Admittedly, I hadn't been messing around with spec files too much, but recently I had to and I found some things that bit me and make me spend some time trying to figure out. Here I'm talking about RPM version 4.x, which is still the default in most (all?) distros.

Specifically, my troubles were with the %if conditional macro, whose exact behavior and syntax is sparsely documented and may appear to do strange things at times, so I'll just put my findings here to remember them (and hopefully they may perhaps be useful to others).

It all started when I naively tried to use this conditional to check whether a macro was defined (as most documentation that can be found on the net seems to suggest):

%if %{mymacro}
# ... do something

When the macro was defined, that worked; when it was not defined, I was getting the dreaded error

error: parse error in expression
error: /usr/src/foo/foo.spec:25: parseExpressionBoolean returns -1

A similar situation happened with this test for equality:

%if %{mymacro} == 100
# ... do something
# ... do something else

When the macro was undefined, I was expecting either the whole %if/%else block to be skipped, or at least the %else branch to be executed (since something that's undefined is clearly not equal to 100). What was happening instead, was again the same "parse error in expression" error as before.

Trying to make it work, I did this:

%if "%{mymacro}" == "100"
# ... do something
# ... do something else

Which appeared to work indeed - but as we'll see it wasn't working for the reason I thought, and could even produce false matches under some special circumstances (see below).

It still wasn't satisfactory, because I felt I wasn't really understanding what was going on, so I had that feeling that it all was working by chance. And still, I hadn't found a way to check something as simple as whether a macro is defined or not.

Finally, it occurred to me to add the following line at the very beginning of the %prep section in the spec file to see what was going on:

echo "the value of mymacro is --%{mymacro}--"

That helped a lot, because I discovered that if the macro is defined the expansion is

the value of mymacro is --100--

but when the macro is undefined, this is what happens:

the value of mymacro is --%{mymacro}--

that is, it is left untouched (rather than removed). So this is the reason why adding double quotes to the test seems to work: when the macro is undefined, the test executed is

"%{mymacro}" == "100"

(double quotes included) which is false. However, should one one day need to test against the literal string %{mymacro}, the test would actually succeed when the macro is undefined!

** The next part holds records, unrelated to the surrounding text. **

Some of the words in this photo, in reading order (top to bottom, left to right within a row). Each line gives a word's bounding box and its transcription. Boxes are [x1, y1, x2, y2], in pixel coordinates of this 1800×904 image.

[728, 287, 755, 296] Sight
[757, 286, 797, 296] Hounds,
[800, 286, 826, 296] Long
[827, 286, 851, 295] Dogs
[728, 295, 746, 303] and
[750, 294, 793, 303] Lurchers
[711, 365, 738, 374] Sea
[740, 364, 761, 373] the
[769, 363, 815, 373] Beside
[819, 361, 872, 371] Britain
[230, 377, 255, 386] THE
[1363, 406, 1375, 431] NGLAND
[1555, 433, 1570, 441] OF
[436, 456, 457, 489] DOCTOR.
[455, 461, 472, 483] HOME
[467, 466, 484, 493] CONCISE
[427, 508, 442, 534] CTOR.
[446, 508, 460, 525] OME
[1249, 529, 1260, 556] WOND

Let's confirm this:

# spec file
%if "%{mymacro}" == "%%{mymacro}"
echo "equality test succeeded"

%% is used to put a literal percent sign.

If we invoke the spec file without defining %{mymacro}, the test succeeds:

$ rpmbuild -ba foo.spec
+ echo 'mymacro is --%{mymacro}--'
mymacro is --%{mymacro}--
+ echo 'equality test succeeded'
equality test succeeded

Granted, this is not very likely to happen in practice, but it still looks somewhat not clean.

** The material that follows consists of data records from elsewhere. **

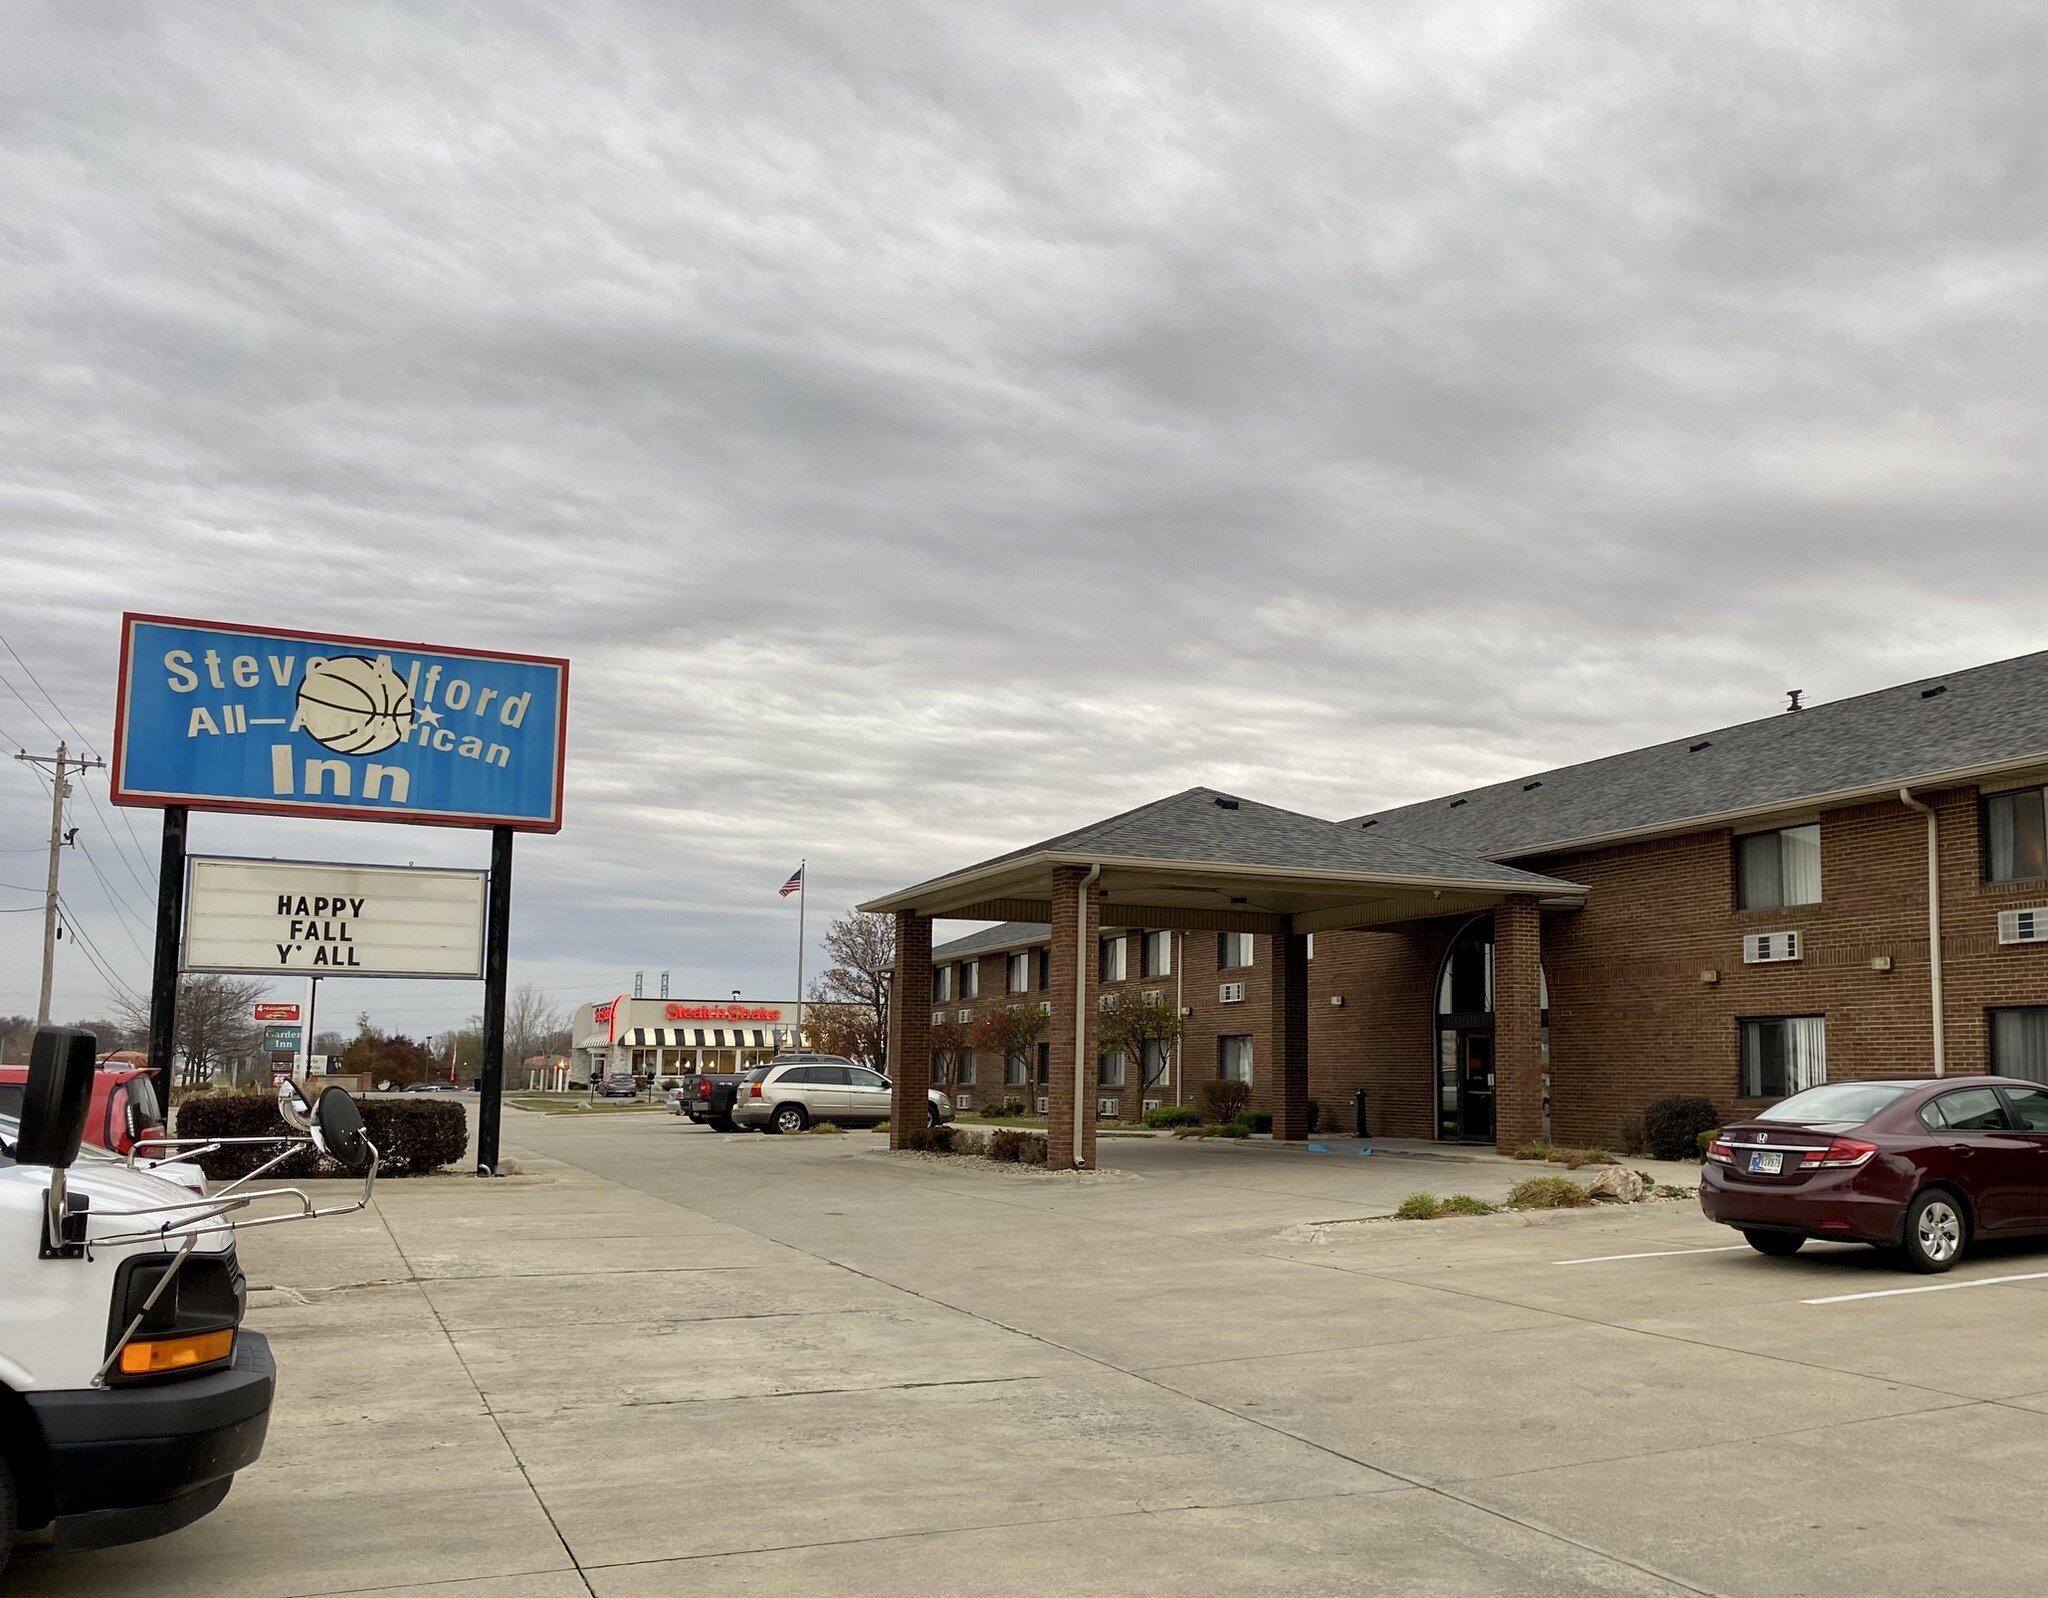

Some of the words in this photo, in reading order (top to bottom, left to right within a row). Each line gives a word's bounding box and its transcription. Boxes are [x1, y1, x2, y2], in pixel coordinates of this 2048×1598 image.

[187, 703, 512, 768] All-Arican
[270, 744, 412, 803] Inn
[277, 895, 365, 918] HAPPY
[290, 920, 353, 942] FALL
[275, 1040, 293, 1048] Inn

What's needed, then, is a real way to check whether a macro is defined or not. We can't rely on the equality test we used above to determine that either, because the macro may have been defined, and have the literal value %{mymacro} assigned to it. Again this is very unlikely, but it's always better to make things in a clean way when possible.

The solution: conditional expansion

(I don't know if that is the right definition for this feature). There's a useful tool that the macro language used in the spec files has, and it's the %{?mymacro:value1} and %{!?mymacro:value2} syntax. The result of the expansion of those macros is value1 if %{mymacro} is defined, and value2 if %{mymacro} is undefined, respectively. If the condition they check is false, they expand to nothing.

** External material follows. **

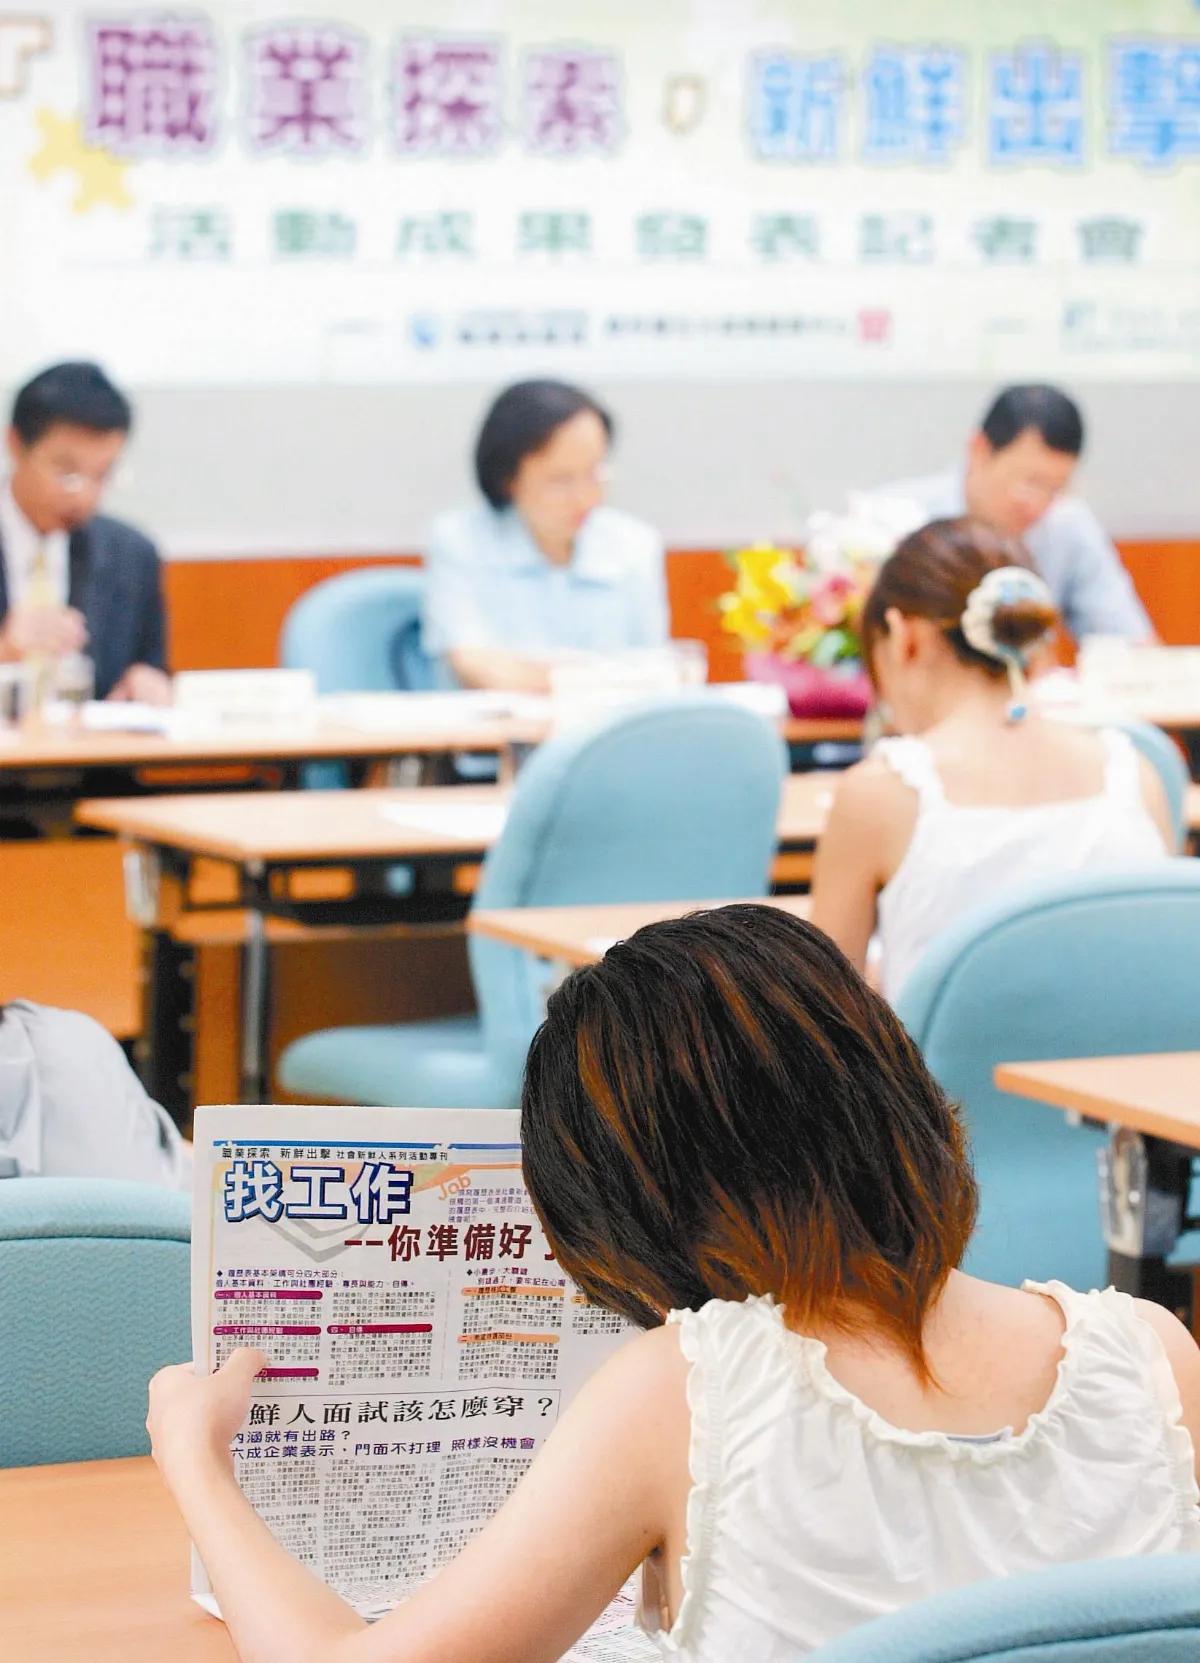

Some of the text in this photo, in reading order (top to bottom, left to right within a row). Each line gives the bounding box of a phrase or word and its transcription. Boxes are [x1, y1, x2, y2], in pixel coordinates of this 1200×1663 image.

Since the macro processor is recursive, this allows for the conditional definition of macros, for example:

%{?onemacro:%define anothermacro 100}

That defines the macro %{anothermacro} only if %{onemacro} is defined. But let's focus on the task at hand: determining whether a macro is defined (and after that, possibly do further tests on its value).

If we only need to check whether a macro is defined or not, these idioms seem to work:

%if %{?mymacro:1}%{!?mymacro:0}
# ... %{mymacro} is defined
# ... %{mymacro} is not defined

The above expands either to 1 or 0 depending on whether %{mymacro} is defined or not.
This also seems to work:

%if 0%{?mymacro:1}
# ... %{mymacro} is defined
# ... %{mymacro} is not defined

That expands to either 01 or 0, again corresponding to true or false for the %if.

If instead, we need to check that a macro has a specific value, this should work:

%if "%{?mymacro:%{mymacro}}%{!?mymacro:0}" == "somevalue"
# ... %{mymacro} is defined and has value "somevalue"

That expands to either the actual value of the macro, or 0 (in double quotes), either of which can safely be compared to "somevalue". If there can be no spaces in the values, the double quotes can be omitted. Obviously, the value returned when the macro is not defined doesn't have to be 0; it can be any value that's not somevalue.

Putting it all together, if we need to differentiate between the macro being unset or being set to a specific value, we can do this:

%if 0%{?mymacro:1}
# ... %{mymacro} is defined
%if "%{mymacro}" == "somevalue"
# ... %{mymacro} is defined and has value somevalue
# ... %{mymacro} is defined, but has a value != somevalue
# ... %{mymacro} is not defined

Again, if values can have no spaces, the double quotes can be omitted.

More elaborate variation of conditional expansion can be found in the official rpm documentation. For example, they use some sort of "function-like" macros as follows:

# Check if symbol is defined.
# Example usage: %if %{defined with_foo} && %{undefined with_bar} ...
%defined()      %{expand:%%{?%{1}:1}%%{!?%{1}:0}}
%undefined()    %{expand:%%{?%{1}:0}%%{!?%{1}:1}}

%{1} expands to the first "argument" passed to the macro. So when doing %{defined with_foo} what is done is actually


"expand" is like "eval", so the above effectively re-evaluates the part after expand: and eventually expands to either 1 or 0 depending on whether %{with_foo} was defined or not.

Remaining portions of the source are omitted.